## Your assignment
Every picture should be left out, but the lines below must be repeated exactly.

## Supplied data

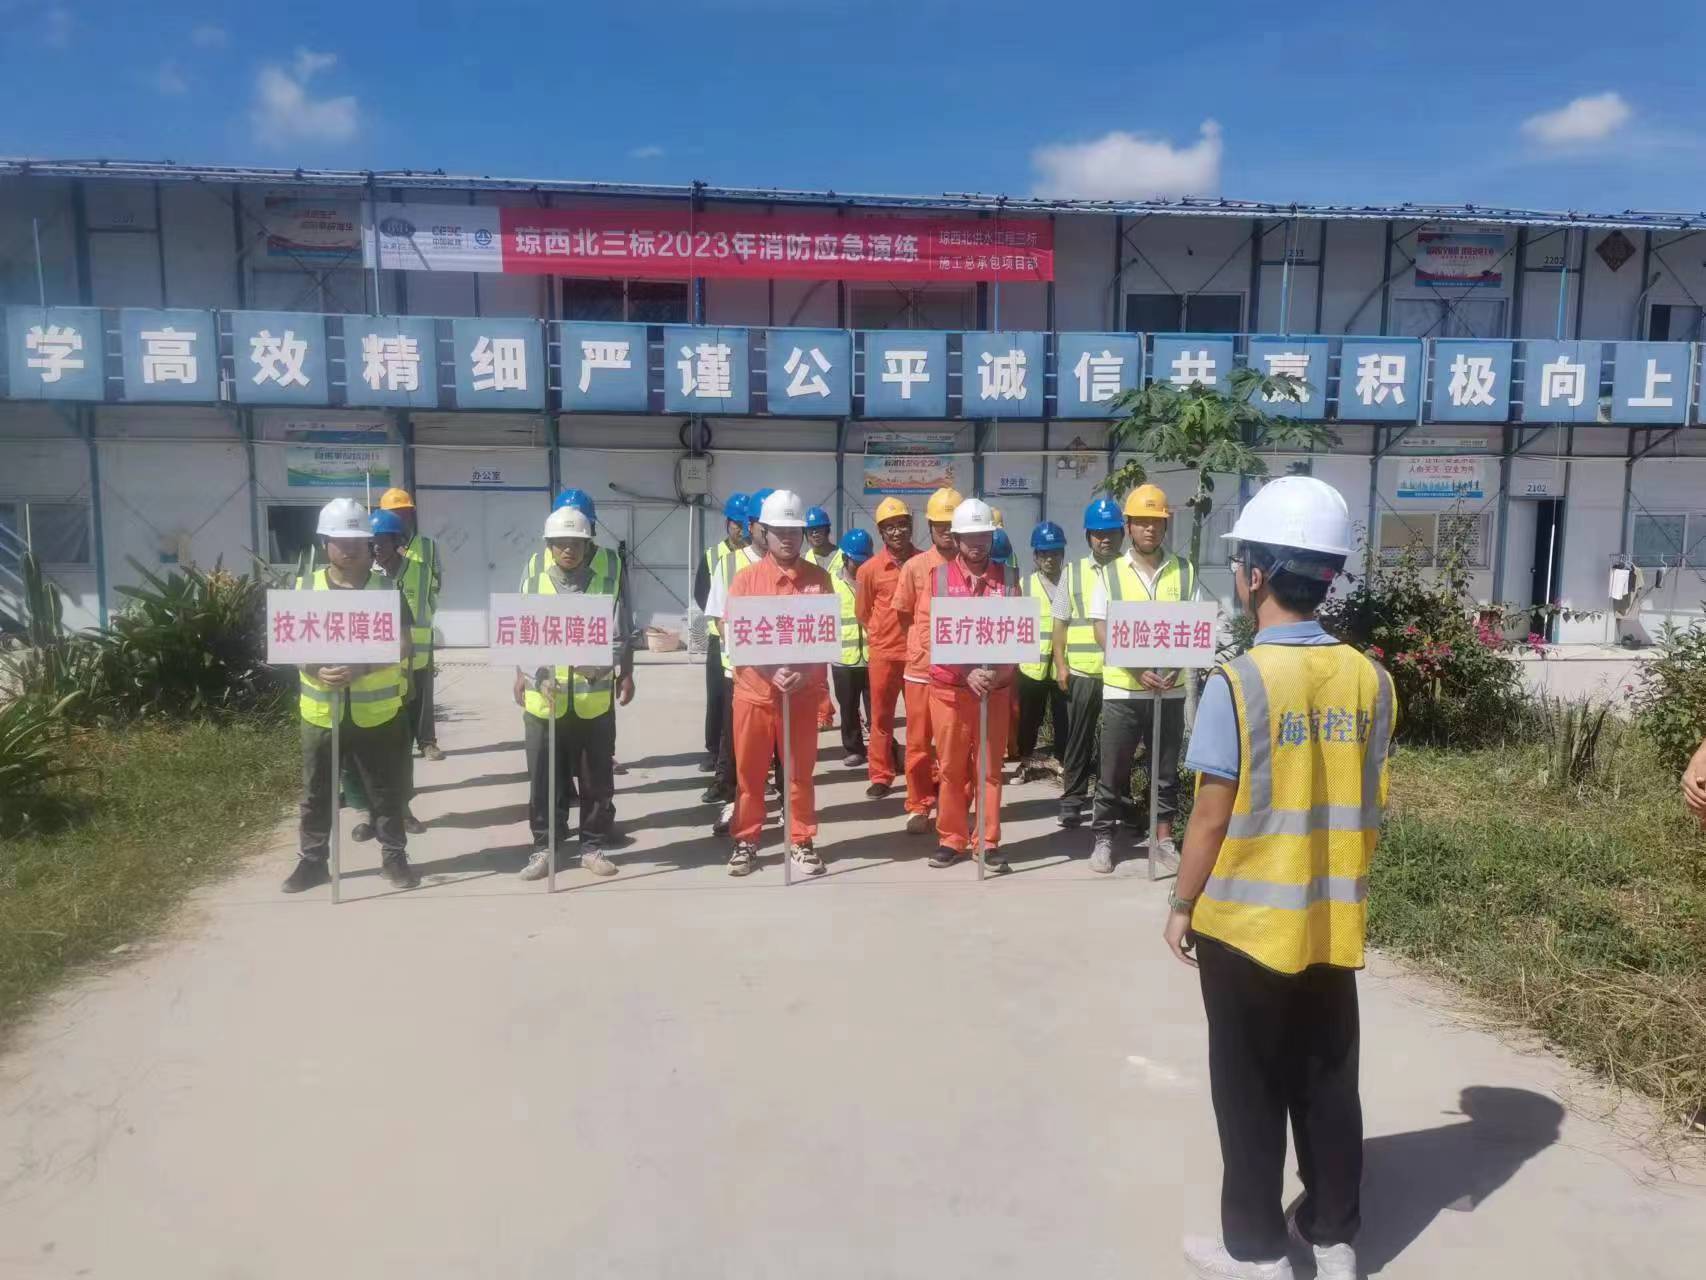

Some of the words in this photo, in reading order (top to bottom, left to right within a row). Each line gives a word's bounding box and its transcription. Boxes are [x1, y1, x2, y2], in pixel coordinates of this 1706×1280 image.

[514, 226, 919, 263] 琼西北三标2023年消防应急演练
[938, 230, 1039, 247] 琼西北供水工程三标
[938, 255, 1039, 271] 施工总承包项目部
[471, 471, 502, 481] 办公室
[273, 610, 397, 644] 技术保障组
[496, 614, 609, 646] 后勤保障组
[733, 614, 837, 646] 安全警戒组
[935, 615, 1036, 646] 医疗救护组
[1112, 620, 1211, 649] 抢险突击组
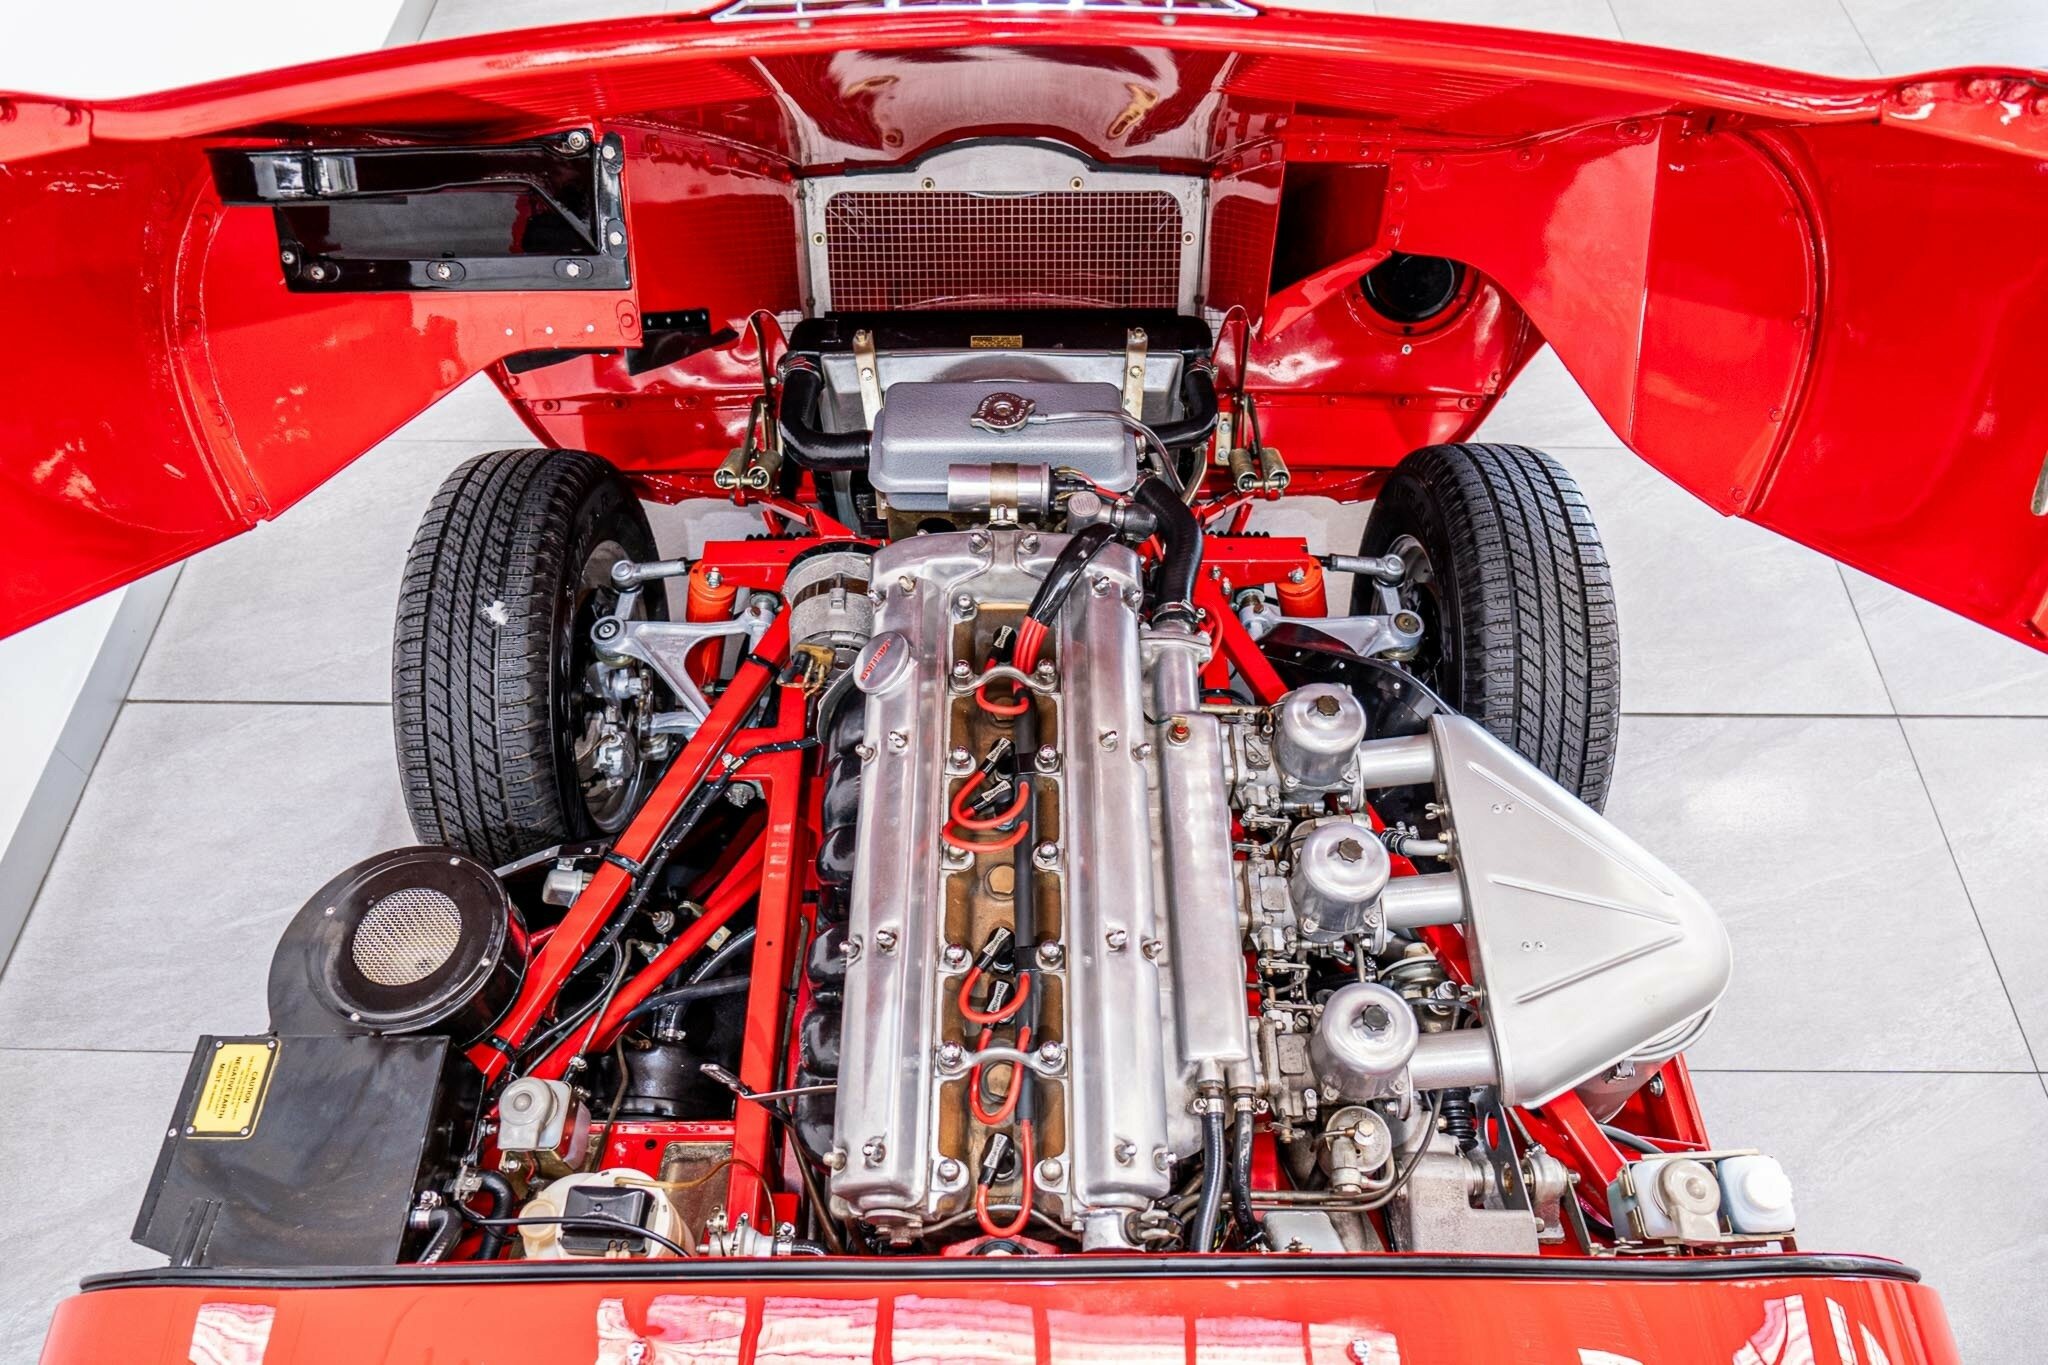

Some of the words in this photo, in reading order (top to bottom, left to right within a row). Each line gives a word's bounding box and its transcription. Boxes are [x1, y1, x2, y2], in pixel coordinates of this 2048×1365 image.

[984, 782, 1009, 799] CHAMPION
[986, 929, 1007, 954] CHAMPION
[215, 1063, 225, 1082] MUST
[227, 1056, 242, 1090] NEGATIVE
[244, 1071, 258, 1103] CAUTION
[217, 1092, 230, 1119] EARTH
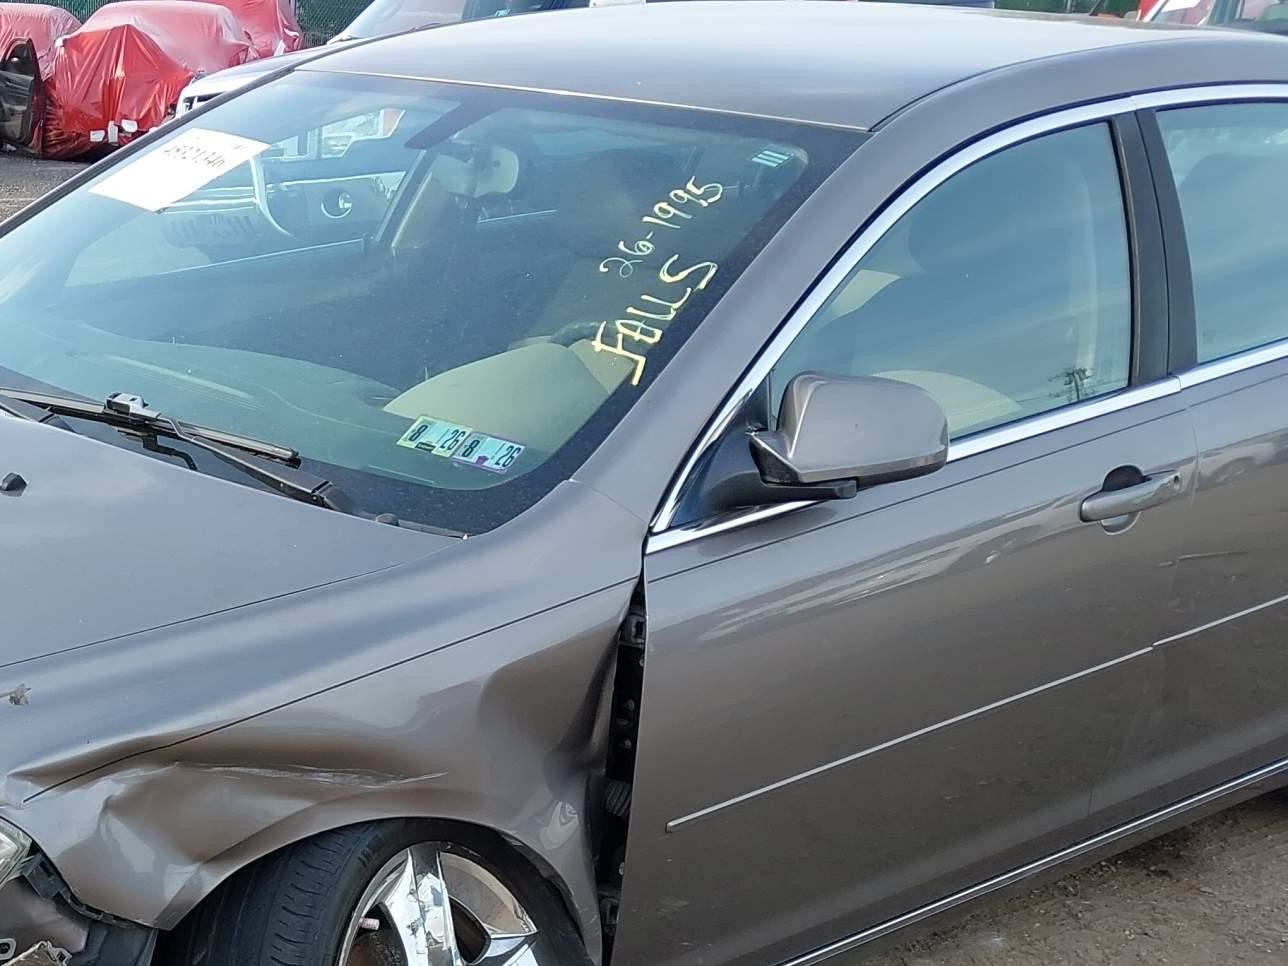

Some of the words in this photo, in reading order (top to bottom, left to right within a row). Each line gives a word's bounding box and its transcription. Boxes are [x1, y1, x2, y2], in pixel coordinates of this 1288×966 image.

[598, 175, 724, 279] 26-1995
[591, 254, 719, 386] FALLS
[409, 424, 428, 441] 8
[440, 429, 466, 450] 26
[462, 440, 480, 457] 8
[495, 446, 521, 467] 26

## Task result
Some of the words in this photo, in reading order (top to bottom, left to right within a row). Each line gives a word's bounding box and its transcription. Boxes are [x1, y1, x2, y2], in pixel coordinates of this 1706×1280 image.

[514, 226, 919, 263] 琼西北三标2023年消防应急演练
[938, 230, 1039, 247] 琼西北供水工程三标
[938, 255, 1039, 271] 施工总承包项目部
[471, 471, 502, 481] 办公室
[273, 610, 397, 644] 技术保障组
[496, 614, 609, 646] 后勤保障组
[733, 614, 837, 646] 安全警戒组
[935, 615, 1036, 646] 医疗救护组
[1112, 620, 1211, 649] 抢险突击组

Some of the words in this photo, in reading order (top to bottom, left to right within a row). Each line gives a word's bounding box and its transcription. Boxes are [x1, y1, x2, y2], in pixel coordinates of this 2048×1365 image.

[984, 782, 1009, 799] CHAMPION
[986, 929, 1007, 954] CHAMPION
[215, 1063, 225, 1082] MUST
[227, 1056, 242, 1090] NEGATIVE
[244, 1071, 258, 1103] CAUTION
[217, 1092, 230, 1119] EARTH

Some of the words in this photo, in reading order (top to bottom, left to right within a row). Each line gives a word's bounding box and its transcription. Boxes are [x1, y1, x2, y2], in pixel coordinates of this 1288×966 image.

[598, 175, 724, 279] 26-1995
[591, 254, 719, 386] FALLS
[409, 424, 428, 441] 8
[440, 429, 466, 450] 26
[462, 440, 480, 457] 8
[495, 446, 521, 467] 26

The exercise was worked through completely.